**** MATERIAL PROVIDED
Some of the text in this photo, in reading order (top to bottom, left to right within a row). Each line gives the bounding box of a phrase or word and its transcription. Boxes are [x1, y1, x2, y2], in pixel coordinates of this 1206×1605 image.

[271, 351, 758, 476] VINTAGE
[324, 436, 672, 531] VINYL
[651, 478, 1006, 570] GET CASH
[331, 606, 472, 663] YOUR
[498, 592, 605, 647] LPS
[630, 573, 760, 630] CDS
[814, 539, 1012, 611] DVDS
********
EXERCISE DETAILS –
Retype the material above, character for character.

RESULT –
Some of the text in this photo, in reading order (top to bottom, left to right within a row). Each line gives the bounding box of a phrase or word and its transcription. Boxes are [x1, y1, x2, y2], in pixel coordinates of this 1206×1605 image.

[271, 351, 758, 476] VINTAGE
[324, 436, 672, 531] VINYL
[651, 478, 1006, 570] GET CASH
[331, 606, 472, 663] YOUR
[498, 592, 605, 647] LPS
[630, 573, 760, 630] CDS
[814, 539, 1012, 611] DVDS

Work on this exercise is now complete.